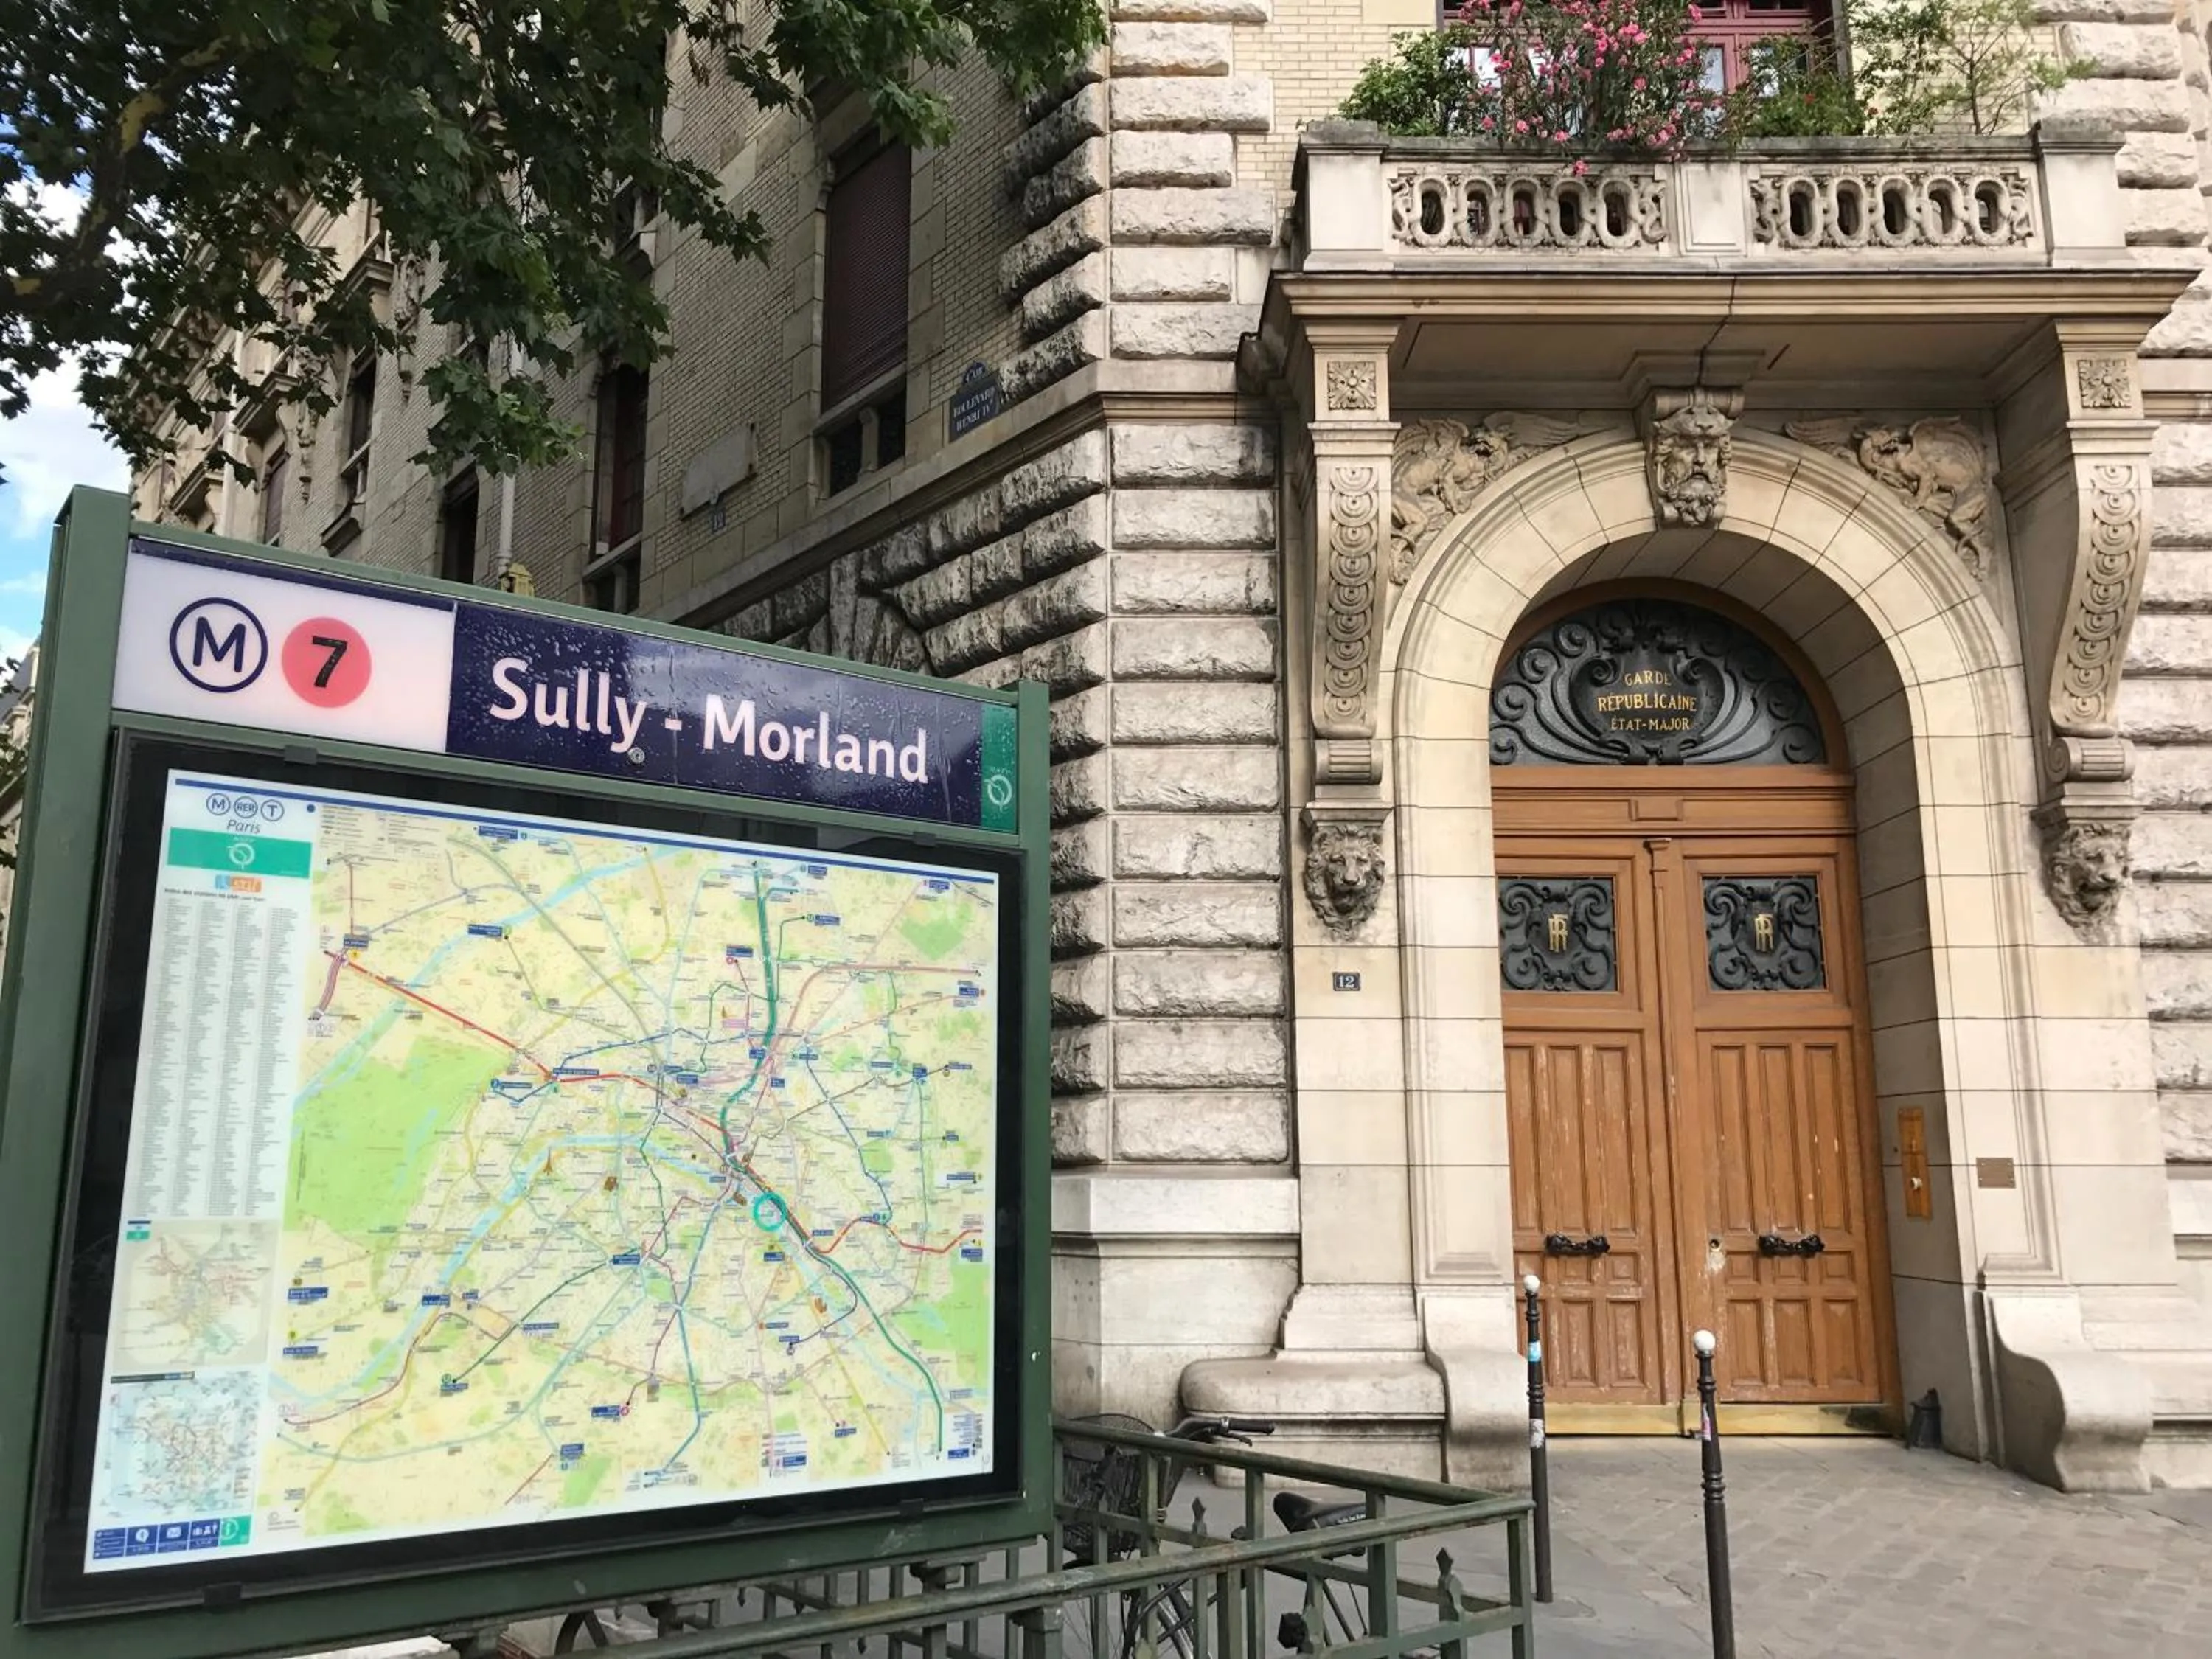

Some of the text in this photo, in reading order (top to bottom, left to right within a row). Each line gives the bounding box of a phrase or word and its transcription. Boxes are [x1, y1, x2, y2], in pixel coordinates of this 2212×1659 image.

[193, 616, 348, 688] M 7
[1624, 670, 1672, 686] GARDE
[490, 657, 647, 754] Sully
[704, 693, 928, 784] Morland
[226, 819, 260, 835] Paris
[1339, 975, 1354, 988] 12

________________________________________

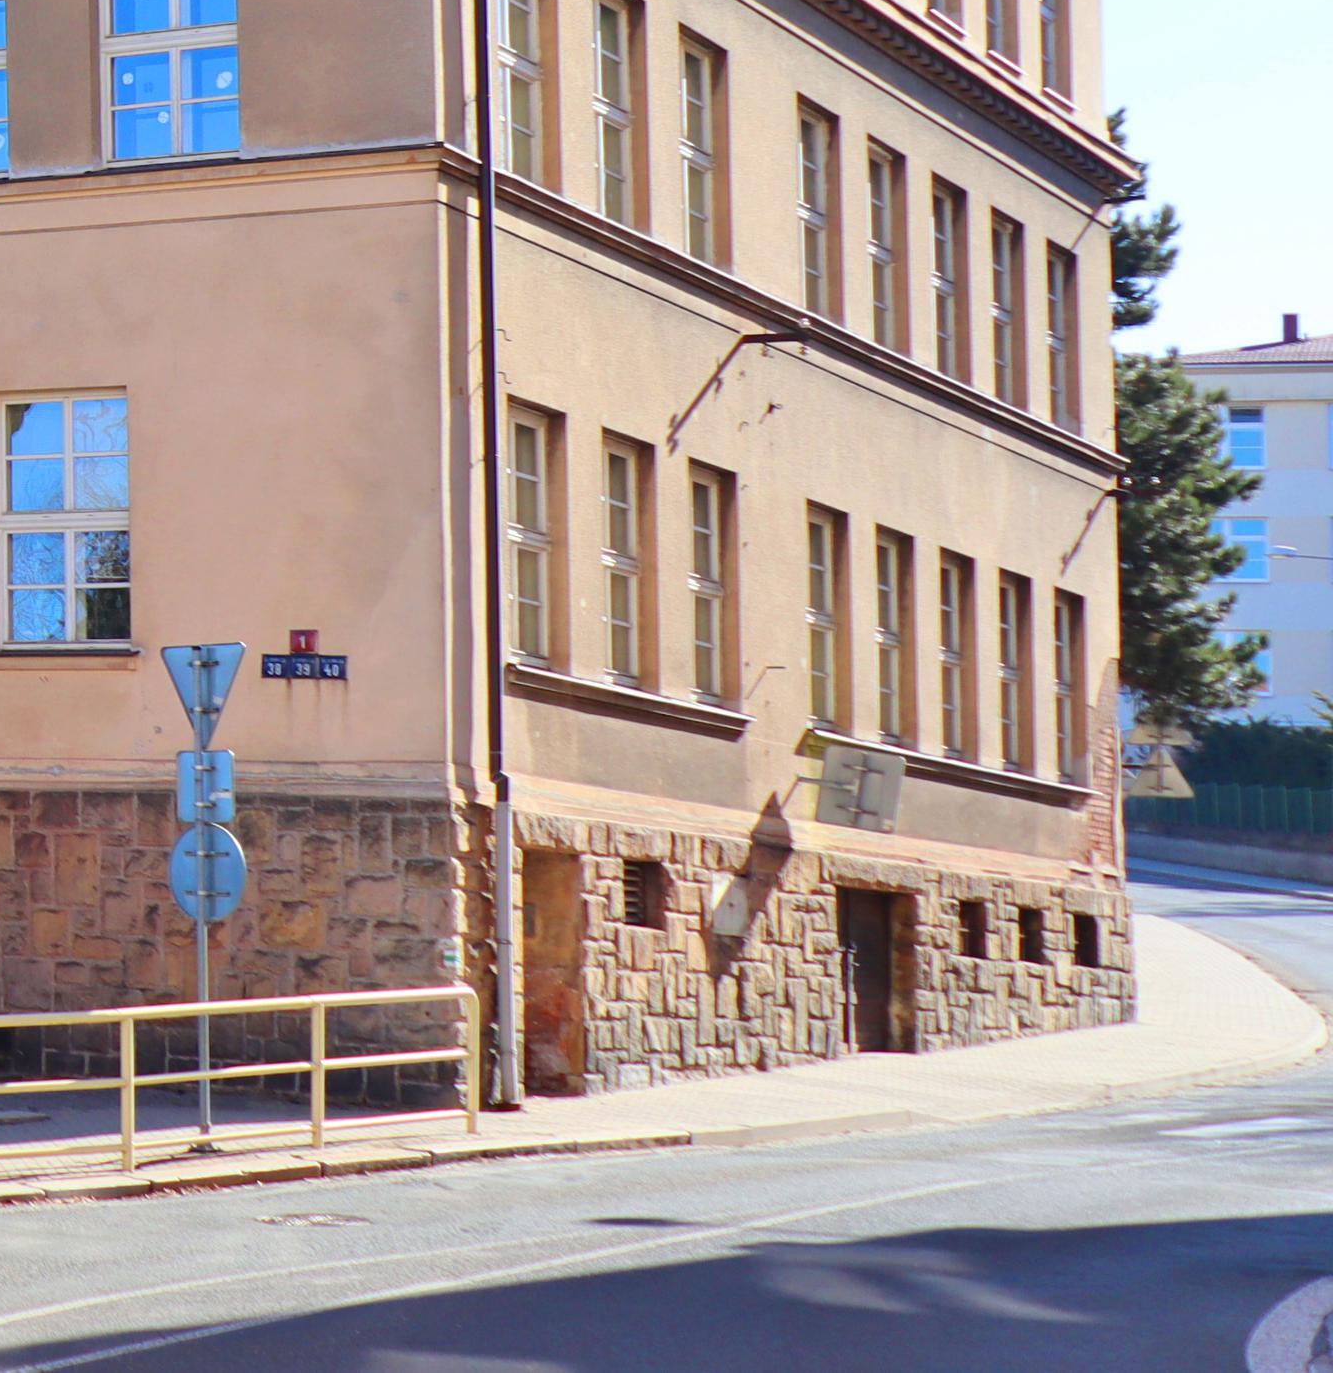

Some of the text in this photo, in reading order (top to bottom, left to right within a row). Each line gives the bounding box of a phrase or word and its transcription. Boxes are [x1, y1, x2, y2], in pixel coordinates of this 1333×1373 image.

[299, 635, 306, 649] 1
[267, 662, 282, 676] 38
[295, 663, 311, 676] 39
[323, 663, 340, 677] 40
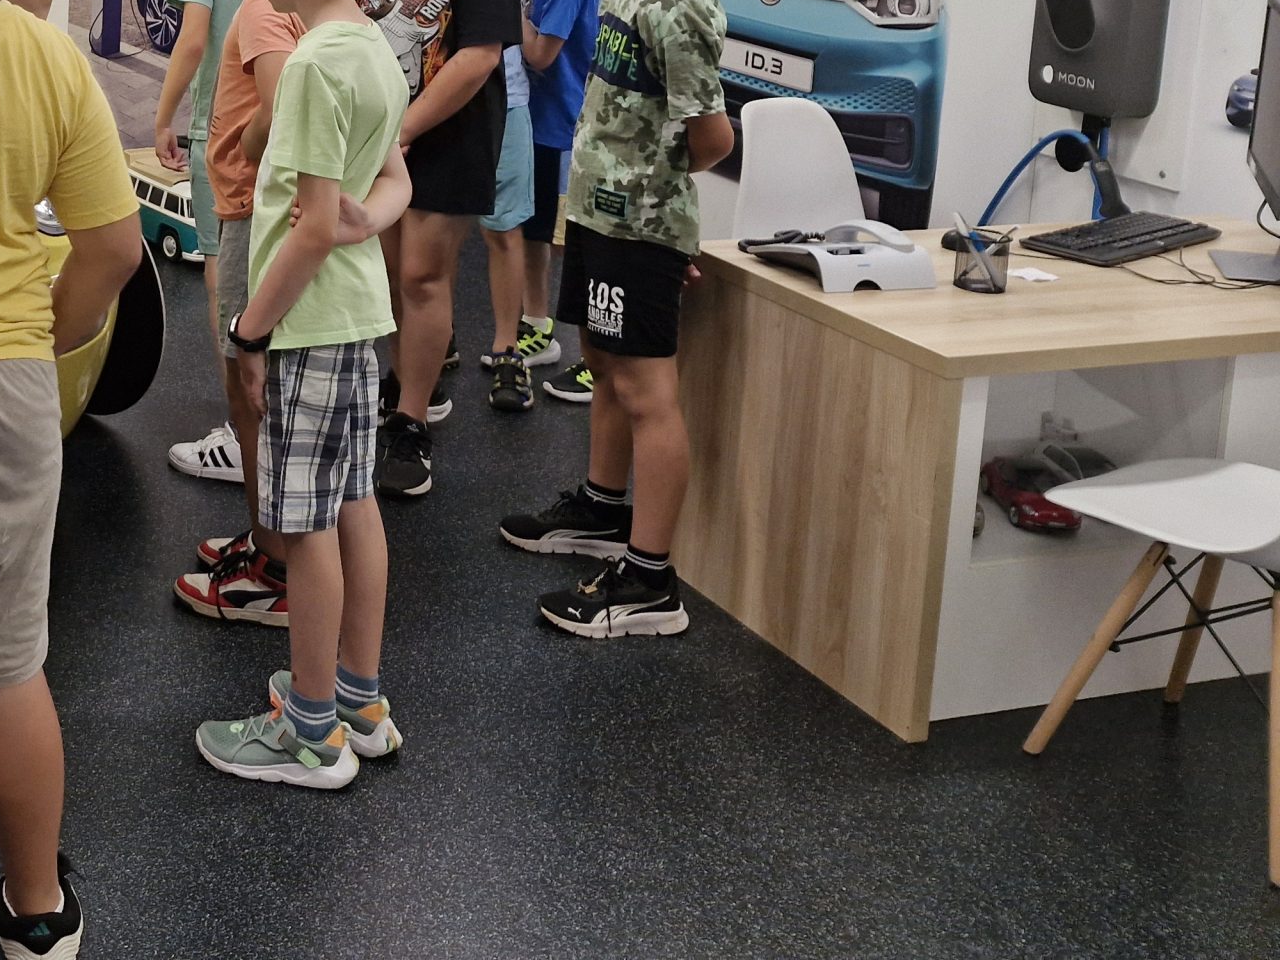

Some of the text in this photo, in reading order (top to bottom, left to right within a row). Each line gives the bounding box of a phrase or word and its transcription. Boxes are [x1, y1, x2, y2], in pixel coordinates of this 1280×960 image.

________________________________________

What you are asked to do: Leaving out all pictures, set down exactly the lines of the material above, from the line with "this 1333×1373 image." to the line with "this 1280×960 image." inclusive, and no others.

Written response:
Some of the text in this photo, in reading order (top to bottom, left to right within a row). Each line gives the bounding box of a phrase or word and its transcription. Boxes are [x1, y1, x2, y2], in pixel coordinates of this 1333×1373 image.

[299, 635, 306, 649] 1
[267, 662, 282, 676] 38
[295, 663, 311, 676] 39
[323, 663, 340, 677] 40

Some of the text in this photo, in reading order (top to bottom, left to right within a row). Each line gives the bounding box of a phrase or word and its transcription. Boxes are [x1, y1, x2, y2], in pixel coordinates of this 1280×960 image.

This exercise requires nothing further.